The Argument Against gotos

The general argument against gotos is that code without gotos is higher-quality code. The famous letter that sparked the original controversy was Edsger Dijkstra's "Go To Statement Considered Harmful" in the March 1968 Communications of the ACM. Dijkstra observed that the quality of code was inversely proportional to the number of gotos the programmer used. In subsequent work, Dijkstra has argued that code that doesn't contain gotos can more easily be proven correct.

Code containing gotos is hard to format. Indentation should be used to show logical structure, and gotos have an effect on logical structure. Using indentation to show the logical structure of a goto and its target, however, is difficult or impossible.

Use of gotos defeats compiler optimizations. Some optimizations depend on a program's flow of control residing within a few statements. An unconditional goto makes the flow harder to analyze and reduces the ability of the compiler to optimize the code. Thus, even if introducing a goto produces an efficiency at the source-language level, it may well reduce overall efficiency by thwarting compiler optimizations.

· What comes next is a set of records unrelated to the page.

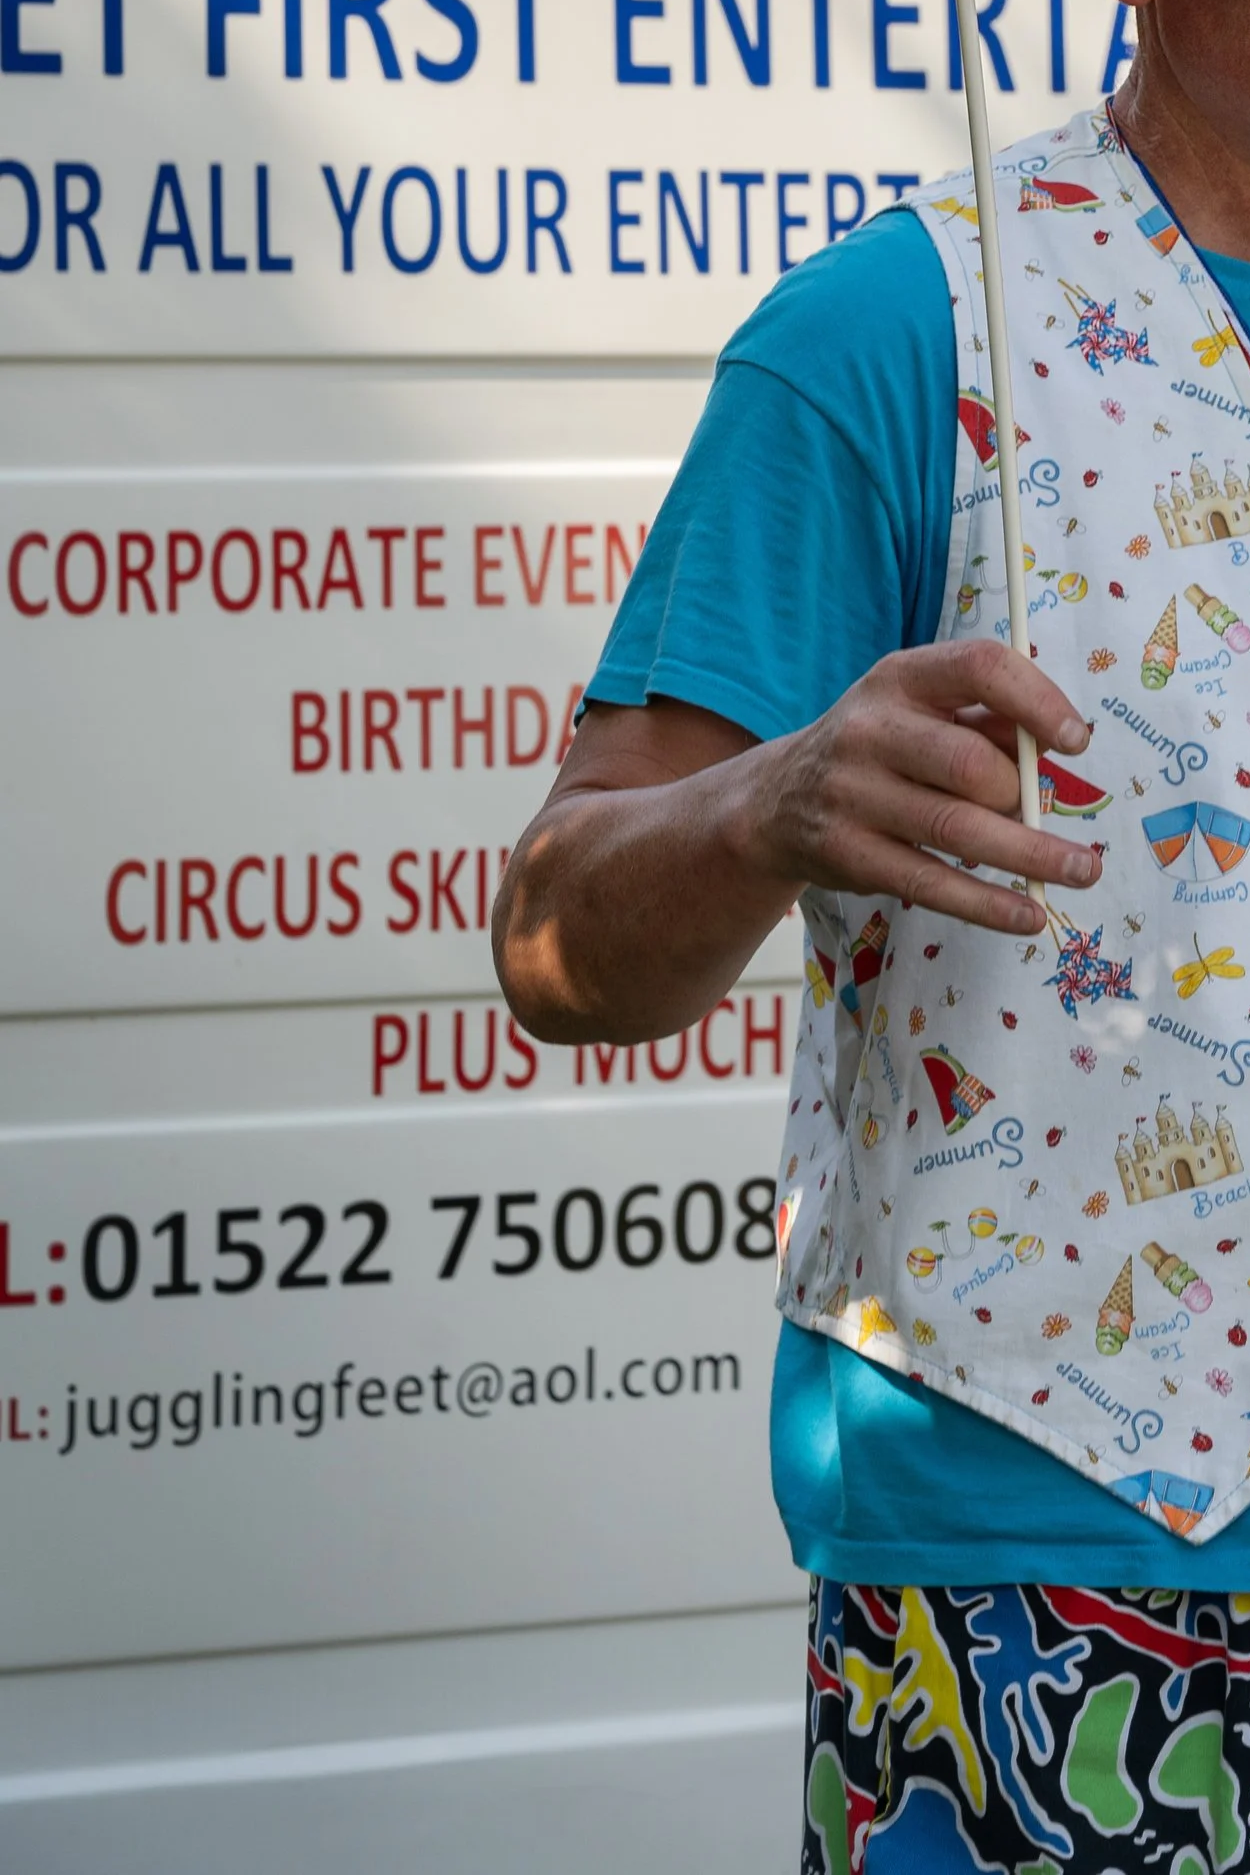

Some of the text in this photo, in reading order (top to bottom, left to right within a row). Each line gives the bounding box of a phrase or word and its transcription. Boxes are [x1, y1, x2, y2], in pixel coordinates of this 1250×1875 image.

[138, 162, 293, 273] ALL
[321, 165, 573, 275] YOUR
[8, 526, 446, 617] CORPORATE
[1179, 649, 1232, 675] Cream
[1195, 676, 1228, 698] Ice
[1100, 695, 1209, 786] Summer
[105, 851, 361, 947] CIRCUS
[1172, 879, 1249, 910] Camping
[372, 1009, 538, 1097] PLUS
[913, 1116, 1024, 1176] Summer
[431, 1177, 776, 1280] 750608
[952, 1253, 1015, 1304] Croquet
[1134, 1311, 1191, 1340] Cream
[1150, 1341, 1186, 1362] Ice
[1055, 1361, 1164, 1455] Summer
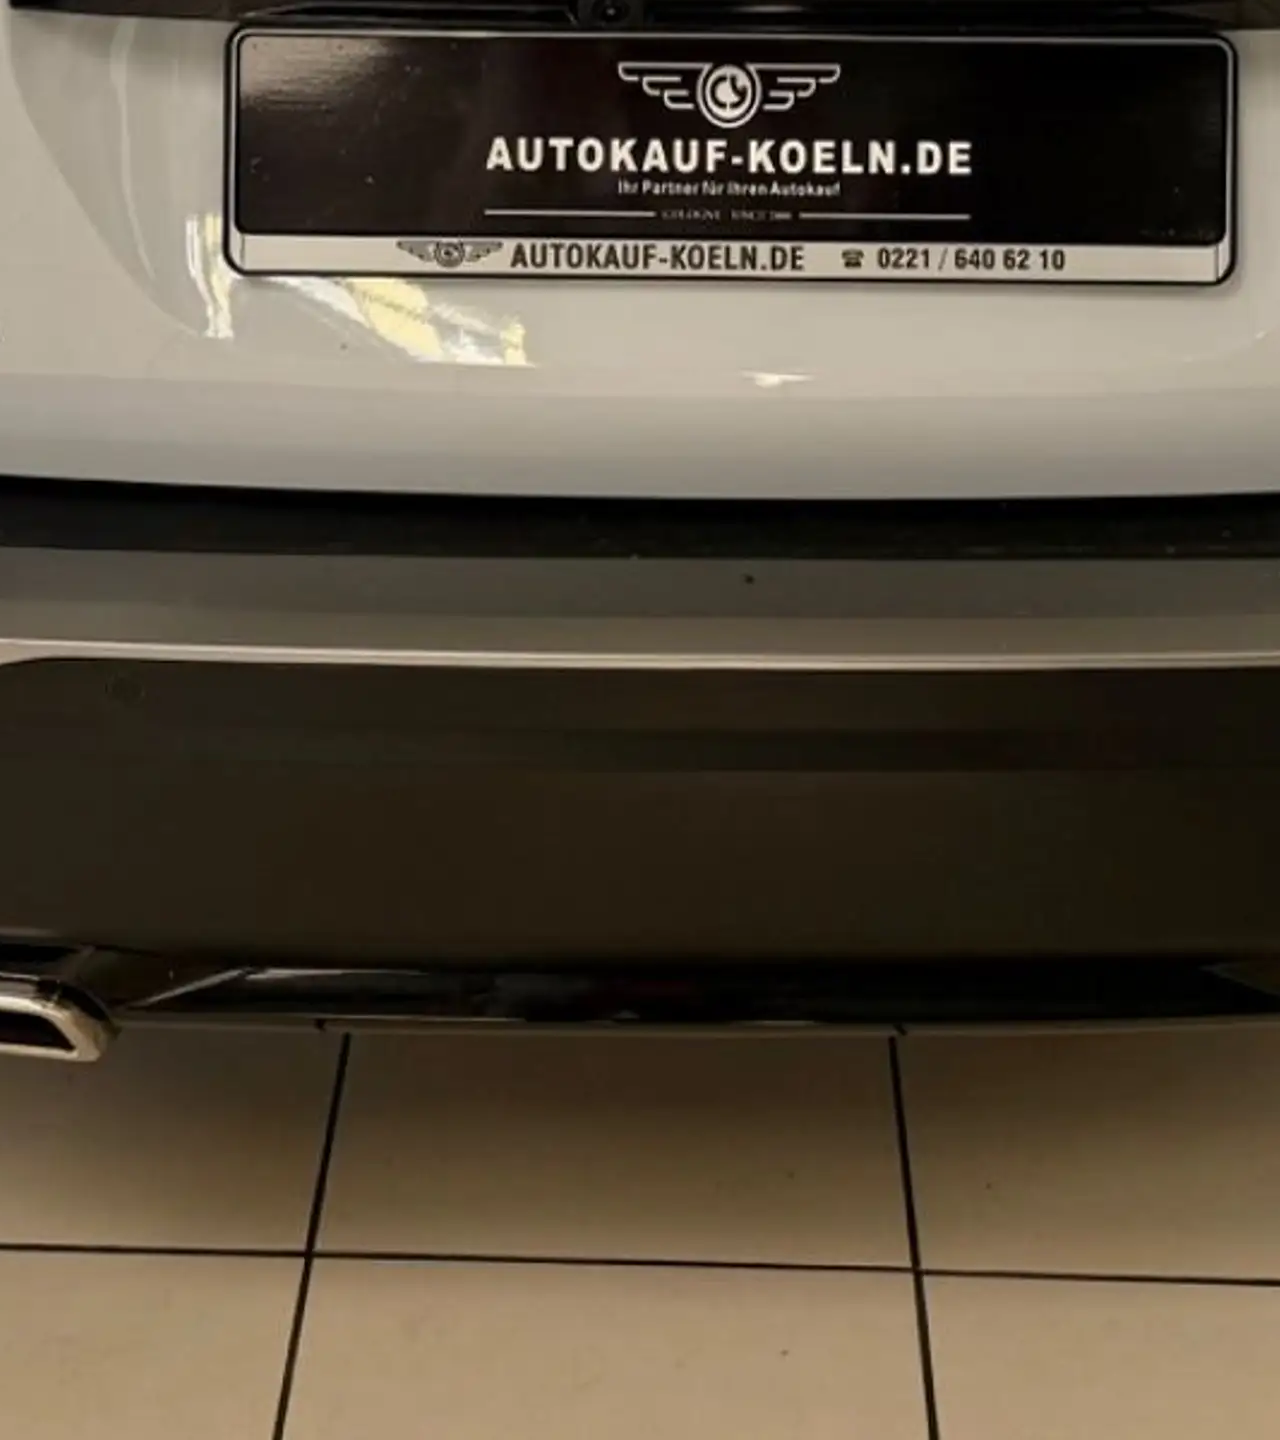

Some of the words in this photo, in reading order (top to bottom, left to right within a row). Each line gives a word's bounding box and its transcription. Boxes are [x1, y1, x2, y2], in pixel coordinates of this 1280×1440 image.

Proponents of gotos sometimes argue that they make code faster or smaller. But code containing gotos is rarely the fastest or smallest possible. Donald Knuth's marvelous, classic article "Structured Programming with go to Statements" gives several examples of cases in which using gotos makes for slower and larger code (Knuth 1974).

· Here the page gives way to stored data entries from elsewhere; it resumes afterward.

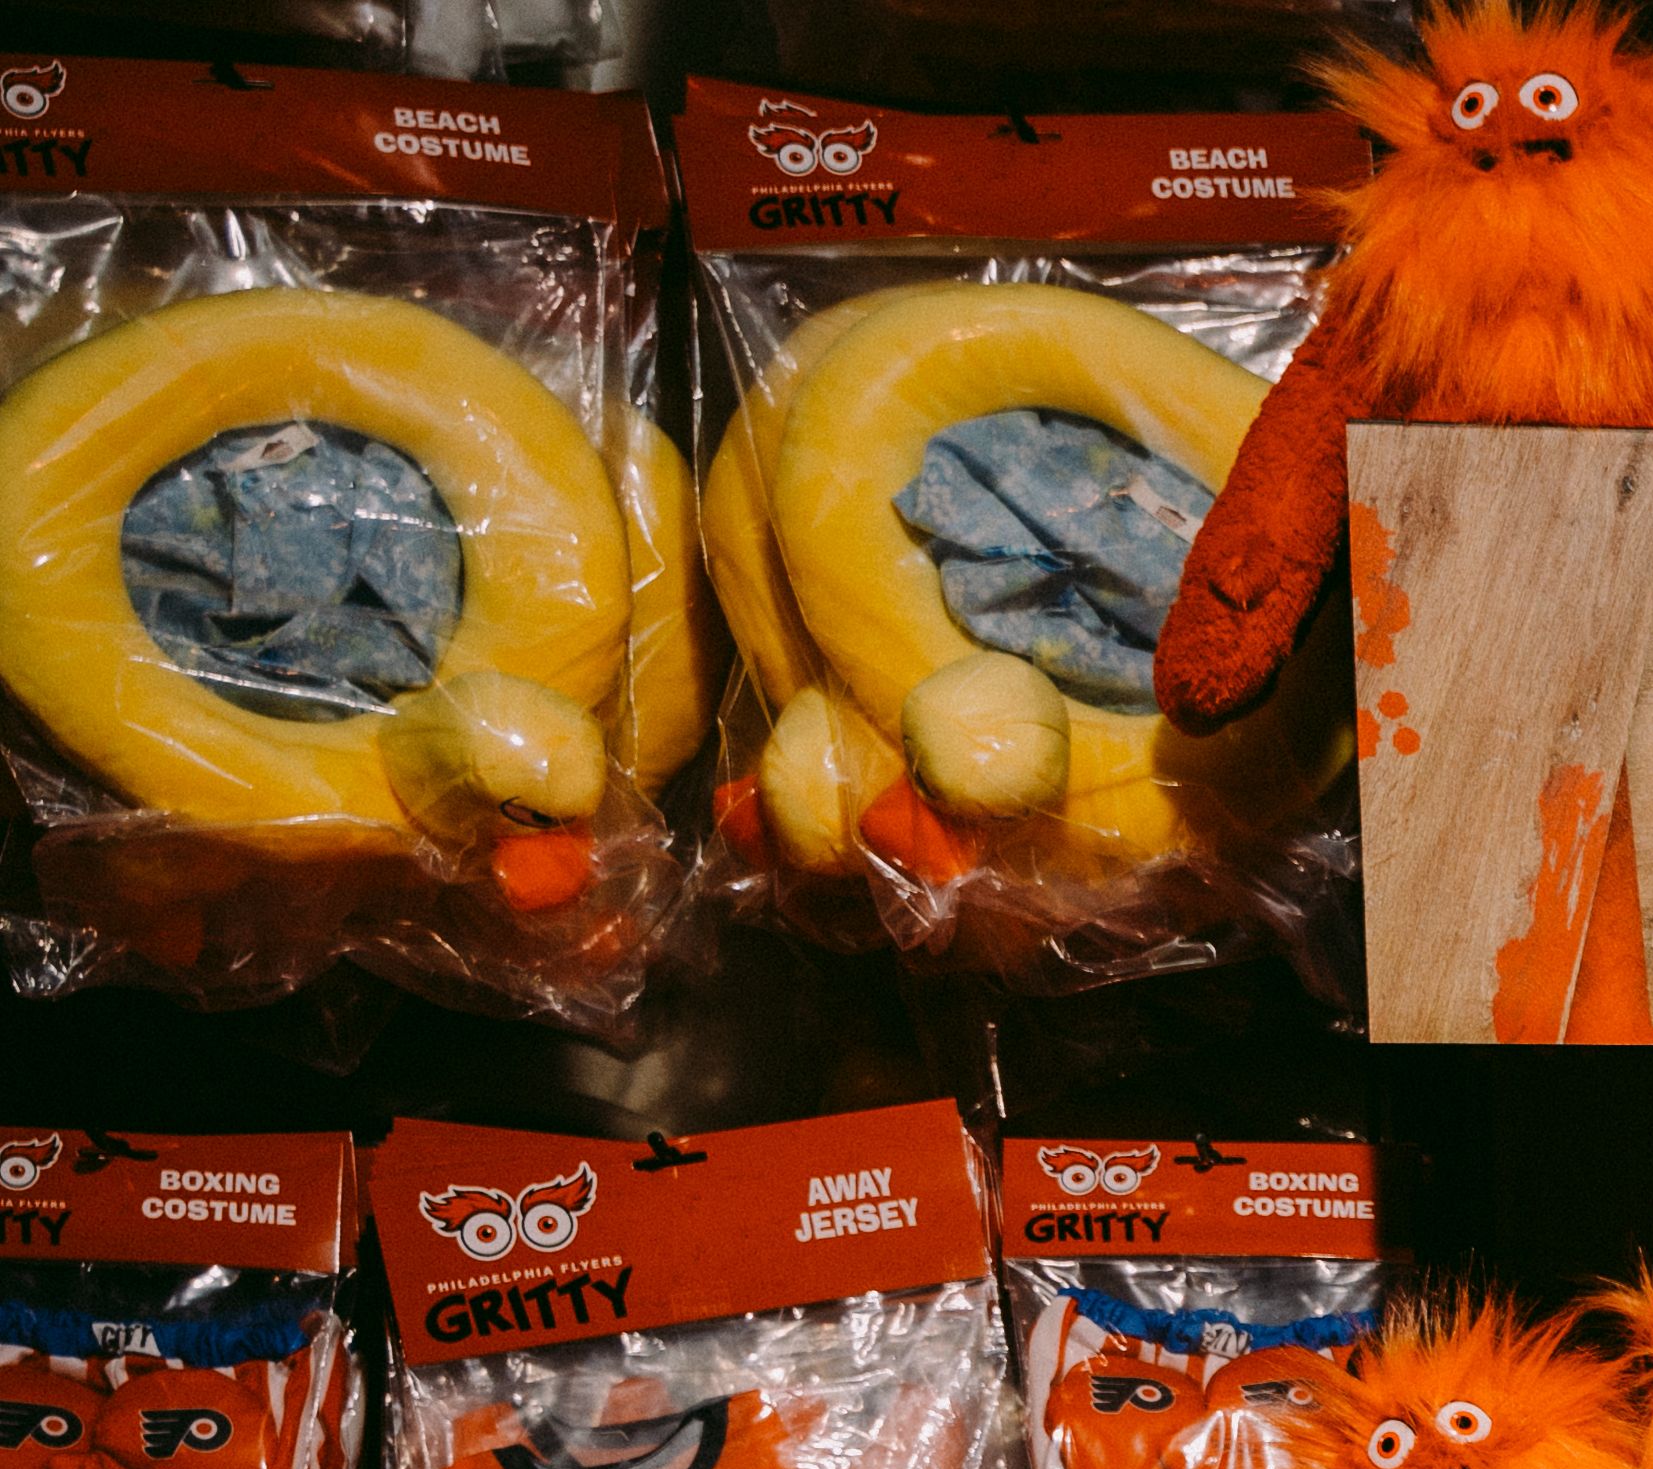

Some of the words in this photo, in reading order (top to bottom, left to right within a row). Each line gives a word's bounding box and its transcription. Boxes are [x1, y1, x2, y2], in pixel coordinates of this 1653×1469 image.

[394, 107, 501, 136] BEACH
[373, 130, 532, 167] COSTUME
[1169, 147, 1268, 170] BEACH
[1150, 176, 1296, 200] COSTUME
[750, 192, 899, 228] GRITTY
[159, 1169, 280, 1195] BOXING
[807, 1167, 893, 1207] AWAY
[1248, 1171, 1360, 1193] BOXING
[141, 1197, 297, 1226] COSTUME
[794, 1198, 919, 1243] JERSEY
[1232, 1196, 1375, 1219] COSTUME
[1025, 1211, 1171, 1243] GRITTY
[427, 1264, 554, 1296] PHILADELPHIA
[560, 1255, 624, 1275] FLYERS
[424, 1266, 633, 1344] GRITTY

In practice, the use of gotos leads to the violation of the principle that code should flow strictly from top to bottom. Even if gotos aren't confusing when used carefully, once gotos are introduced, they spread through the code like termites through a rotting house. If any gotos are allowed, the bad creep in with the good, so it's better not to allow any of them.

Overall, experience in the two decades that followed the publication of Dijkstra's letter showed the folly of producing goto-laden code. In a survey of the literature, Ben Shneiderman concluded that the evidence supports Dijkstra's view that we're better off without the goto (1980), and many modern languages, including Java, don't even have gotos.

The Argument for gotos

The argument for the goto is characterized by an advocacy of its careful use in specific circumstances rather than its indiscriminate use. Most arguments against gotos speak against indiscriminate use. The goto controversy erupted when Fortran was the most popular language. Fortran had no presentable loop structures, and in the absence of good advice on programming loops with gotos, programmers wrote a lot of spaghetti code. Such code was undoubtedly correlated with the production of low-quality programs, but it has little to do with the careful use of a goto to make up for a gap in a modern language's capabilities.

A well-placed goto can eliminate the need for duplicate code. Duplicate code leads to problems if the two sets of code are modified differently. Duplicate code increases the size of source and executable files. The bad effects of the goto are outweighed in such a case by the risks of duplicate code.

The goto is useful in a routine that allocates resources, performs operations on those resources, and then deallocates the resources. With a goto, you can clean up in one section of code. The goto reduces the likelihood of your forgetting to deallocate the resources in each place you detect an error.

Cross-Reference

For details on using gotos in code that allocates resources, see "Error Processing and gotos" in this section. See also the discussion of exception handling in Section 8.4, "Exceptions."

In some cases, the goto can result in faster and smaller code. Knuth's 1974 article cited a few cases in which the goto produced a legitimate gain.

Good programming doesn't mean eliminating gotos. Methodical decomposition, refinement, and selection of control structures automatically lead to goto-free programs in most cases. Achieving goto-less code is not the aim but the outcome, and putting the focus on avoiding gotos isn't helpful.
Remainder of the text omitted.